The 'Huangguan' pear disease spot detection and grading is the key to fruit processing automation. Due to the variety of individual shapes and disease spot types of 'Huangguan' pear. The traditional computer vision technology and pattern recognition methods have some limitations in the detection of 'Huangguan' pear diseases. In recent years, with the development of deep learning technology and convolutional neural network provides a new solution for the fast and accurate detection of 'Huangguan' pear diseases. To achieve automatic grading of 'Huangguan' pear appearance quality in a complex context, this study proposes an integrated framework combining instance segmentation, semantic segmentation and grading models. In the first stage, Mask R-CNN and Mask R-CNN with the introduction of the preprocessing module are used to segment 'Huangguan' pears from complex backgrounds. In the second stage, DeepLabV3+, UNet and PSPNet are used to segment the 'Huangguan' pear spots to get the spots, and the ratio of the spot pixel area to the 'Huangguan' pear pixel area is calculated and classified into three grades. In the third stage, the grades of 'Huangguan' pear are obtained using ResNet50, VGG16 and MobileNetV3. The experimental results show that the model proposed in this paper can segment the 'Huangguan' pear and disease spots in complex background in steps, and complete the grading of 'Huangguan' pear fruit disease severity. According to the experimental results. The Mask R-CNN that introduced the CLAHE preprocessing module in the first-stage instance segmentation model is the most accurate. The resulting pixel accuracy (PA) is 97.38% and the Dice coefficient is 68.08%. DeepLabV3+ is the most accurate in the second-stage semantic segmentation model. The pixel accuracy is 94.03% and the Dice coefficient is 67.25%. ResNet50 is the most accurate among the third-stage classification models. The average precision (AP) was 97.41% and the F1 (harmonic average assessment) was 95.43%.In short, it not only provides a new framework for the detection and identification of 'Huangguan' pear fruit diseases in complex backgrounds, but also lays a theoretical foundation for the assessment and grading of 'Huangguan' pear diseases.

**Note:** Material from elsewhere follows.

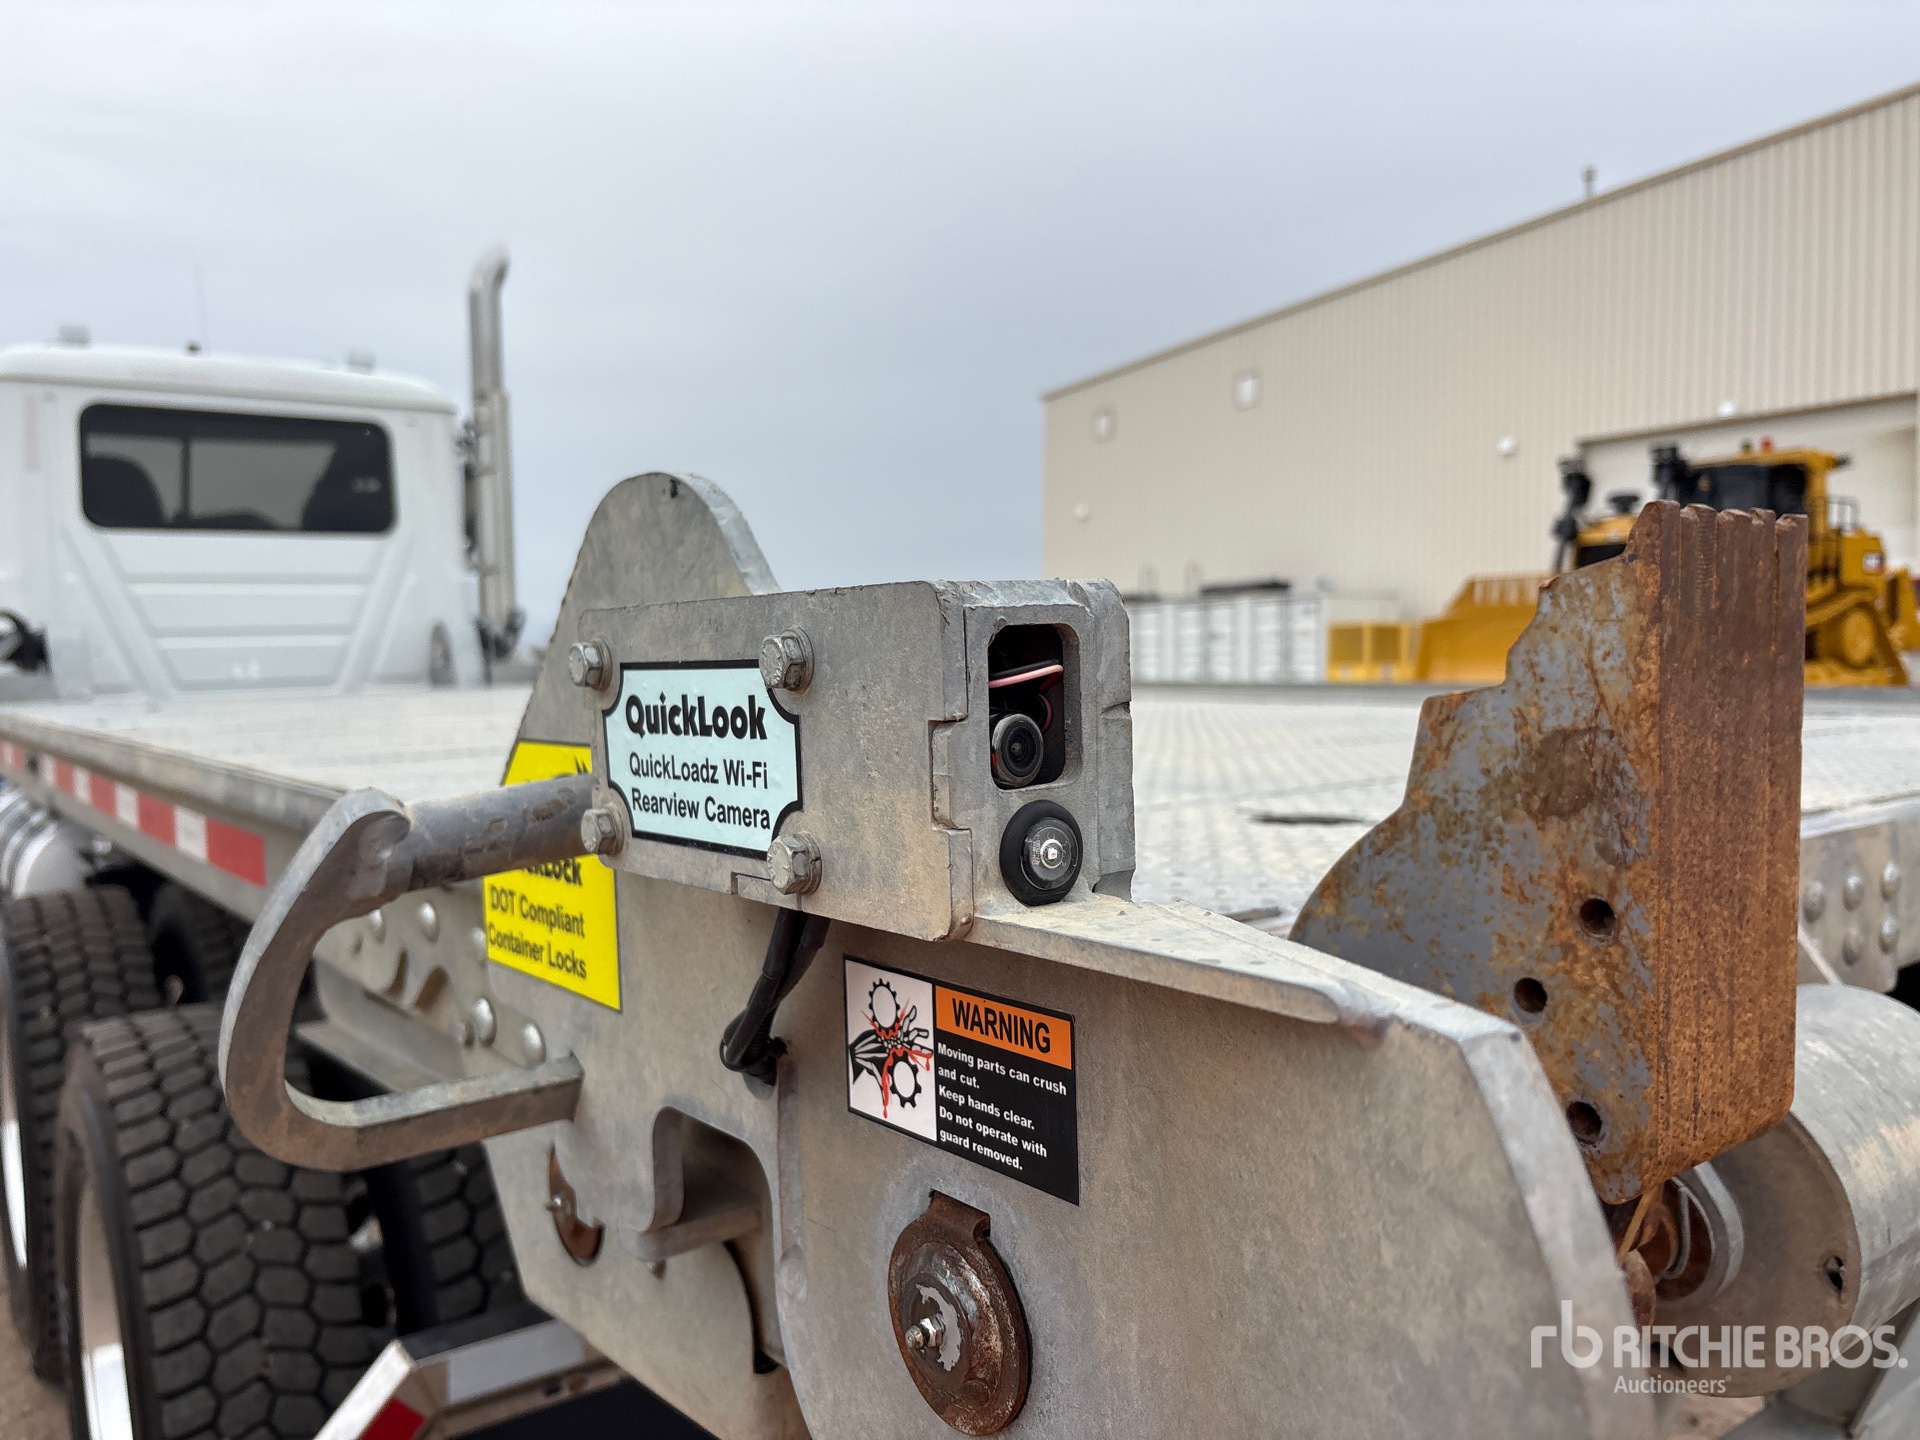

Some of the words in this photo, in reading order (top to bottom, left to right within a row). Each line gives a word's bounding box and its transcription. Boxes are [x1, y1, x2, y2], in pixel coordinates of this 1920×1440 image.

“皇冠”梨病斑检测与分级是水果加工自动化的关键。由于“皇冠”梨个体形状和病斑类型多样,传统的计算机视觉技术和模式识别方法在“皇冠”梨病害检测中存在一定局限性。近年来,随着深度学习技术的发展,卷积神经网络为“皇冠”梨病害的快速准确检测提供了新的解决方案。为了在复杂背景下实现“皇冠”梨外观品质的自动分级,本研究提出了一种结合实例分割、语义分割和分级模型的集成框架。在第一阶段,使用Mask R-CNN和引入预处理模块的Mask R-CNN从复杂背景中分割出“皇冠”梨。在第二阶段,使用DeepLabV3+、UNet和PSPNet分割“皇冠”梨病斑以获取病斑,并计算病斑像素面积与“皇冠”梨像素面积的比值,分为三个等级。在第三阶段,使用ResNet50、VGG16和MobileNetV3获得“皇冠”梨的等级。实验结果表明,本文提出的模型能够逐步分割复杂背景下的“皇冠”梨和病斑,并完成“皇冠”梨果实病害严重程度的分级。根据实验结果,第一阶段实例分割模型中引入CLAHE预处理模块的Mask R-CNN最为准确,得到的像素精度(PA)为97.38%,Dice系数为68.08%。第二阶段语义分割模型中DeepLabV3+最为准确,像素精度为94.03%,Dice系数为67.25%。第三阶段分类模型中ResNet50最为准确,平均精度(AP)为97.41%,F1(调和平均评估)为95.43%。总之,它不仅为复杂背景下“皇冠”梨果实病害的检测与识别提供了新的框架,也为“皇冠”梨病害的评估与分级奠定了理论基础。